Redwoods and Hard Drives

Redwood National Forest - Big Tree
So, a few weeks ago I got a chance to visit Northern California and Southern Oregon.  Some of the most beautiful country I’ve seen.  In my week-and-a-half of hiking, mineral baths, good beer, grass-fed beef, and other great endeavors I got a chance to visit the Redwood National Park and the state parks along the Northern Pacific Coast of California where the great trees reside.  A redwood tree can live to be 2,000 years old, if permitted to do so.  Redwoods are almost impervious to fire, because of their mass, so a whole forest would never go up in flames as easily as the other pine and fir-covered lands that make up Northern California.  These groves had to have been thousands of years old.

The famous library of Alexandria, Egypt was a great collection of knowledge.  The ancients gathered thought throughout the lands of Alexander’s conquests and eventually it became the first research institute.  Theories, ideas, and concepts were tested and developed.  One of these thinkers, Aristarchus of Samos had a curious idea that the Earth traveled around the Sun as documented by Archimedes.  Of course we do not have access to Aristarchus’ original scrolls.  Several times the library was consumed in flames and much of the knowledge generated by the greatest thinkers of the ancient world was lost.  It wasn’t until about a thousand or more years later that Copernicus came to this same conclusion; the redwoods kept growing.

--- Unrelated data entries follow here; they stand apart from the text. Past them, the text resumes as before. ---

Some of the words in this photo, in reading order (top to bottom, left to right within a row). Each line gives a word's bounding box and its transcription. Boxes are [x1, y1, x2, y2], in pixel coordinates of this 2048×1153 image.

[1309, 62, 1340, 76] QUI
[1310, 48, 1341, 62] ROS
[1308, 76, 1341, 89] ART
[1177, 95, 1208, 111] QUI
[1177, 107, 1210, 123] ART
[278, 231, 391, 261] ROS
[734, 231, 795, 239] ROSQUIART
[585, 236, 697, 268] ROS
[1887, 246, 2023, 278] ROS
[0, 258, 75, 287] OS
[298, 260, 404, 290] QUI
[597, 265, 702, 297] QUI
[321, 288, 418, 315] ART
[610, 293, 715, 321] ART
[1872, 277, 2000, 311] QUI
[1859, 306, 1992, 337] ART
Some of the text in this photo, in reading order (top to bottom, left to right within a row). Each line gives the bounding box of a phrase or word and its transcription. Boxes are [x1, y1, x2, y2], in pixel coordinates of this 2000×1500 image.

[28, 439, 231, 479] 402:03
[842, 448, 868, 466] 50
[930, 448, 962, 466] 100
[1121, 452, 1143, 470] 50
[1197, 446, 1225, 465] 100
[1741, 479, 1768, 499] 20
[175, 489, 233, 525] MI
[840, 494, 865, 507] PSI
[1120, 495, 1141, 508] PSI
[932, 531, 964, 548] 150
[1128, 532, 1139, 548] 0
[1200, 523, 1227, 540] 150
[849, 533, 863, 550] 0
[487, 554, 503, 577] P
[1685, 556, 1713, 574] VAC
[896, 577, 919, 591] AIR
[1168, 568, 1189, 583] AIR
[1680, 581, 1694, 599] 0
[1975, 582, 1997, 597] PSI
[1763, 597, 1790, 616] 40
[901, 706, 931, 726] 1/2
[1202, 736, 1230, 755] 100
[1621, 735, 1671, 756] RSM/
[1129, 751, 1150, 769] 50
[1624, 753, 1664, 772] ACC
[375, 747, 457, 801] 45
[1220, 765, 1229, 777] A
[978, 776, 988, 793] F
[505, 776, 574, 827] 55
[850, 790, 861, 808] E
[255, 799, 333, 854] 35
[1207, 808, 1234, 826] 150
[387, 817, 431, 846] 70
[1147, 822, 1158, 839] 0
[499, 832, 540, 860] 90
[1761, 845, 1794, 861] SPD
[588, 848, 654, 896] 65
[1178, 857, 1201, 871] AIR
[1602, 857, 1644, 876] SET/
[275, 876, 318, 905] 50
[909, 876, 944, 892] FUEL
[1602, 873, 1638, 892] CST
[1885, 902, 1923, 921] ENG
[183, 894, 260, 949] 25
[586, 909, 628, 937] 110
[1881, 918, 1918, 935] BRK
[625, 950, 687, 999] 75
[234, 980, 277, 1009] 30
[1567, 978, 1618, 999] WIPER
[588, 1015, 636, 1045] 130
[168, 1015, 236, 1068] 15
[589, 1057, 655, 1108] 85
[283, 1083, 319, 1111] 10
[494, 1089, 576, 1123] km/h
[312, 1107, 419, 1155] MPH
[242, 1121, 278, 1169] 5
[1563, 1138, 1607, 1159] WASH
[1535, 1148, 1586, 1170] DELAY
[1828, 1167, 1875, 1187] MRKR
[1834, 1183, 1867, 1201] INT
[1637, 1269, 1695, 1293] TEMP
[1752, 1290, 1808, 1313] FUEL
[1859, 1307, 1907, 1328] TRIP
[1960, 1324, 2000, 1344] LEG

Lately I’ve been daydreaming about the trees or contemplating something Carl Sagan said on a Cosmos episode and every once in a while I think about where we are today.  I think about hard drives and the fact that the Library of Congress is archiving our Twitter feeds.  Not to say that all the best and brightest use Twitter, but it is an example of where we are today.  It is a snapshot of our collective history.   The World Wide Web, in which Twitter inhabits, is too.  That and a repository of knowledge.  The trees are touching the sky.

I see a lot of push away from the static (and flammable) printed page to the dynamic world of the digital media.  Information is readily available but easily changes with the click of a mouse button.  Take Wikipedia for example as a constantly-evolving database of information. But alas, the internet is a large array of interconnected computers and all this knowledge, all this history, is stored on devices that require a flow of electrical current to perform.  The redwoods require water and sunlight.

Say that the human population was wiped out by disease, war, disaster and famine (you know, the typical stuff) and some alien race happened upon our planet.  A curious race that is in to planetary archeology.  Go along with me here.  How readily available would our hard drives be to these visitors?  Would they have the technology to decode our zeros and ones.  They would probably still see the trees (unless we removed them all).

Hammurabi’s code was written in stone that we have unearthed.  In the distant future will our digital world be as easily extracted?  Will our systems sustain our own disasters?  I think in many ways that our ideas are as fragile as those that sat in the library of Alexandria.  Our knowledge is fleeting, as are we; only nature perpetuates.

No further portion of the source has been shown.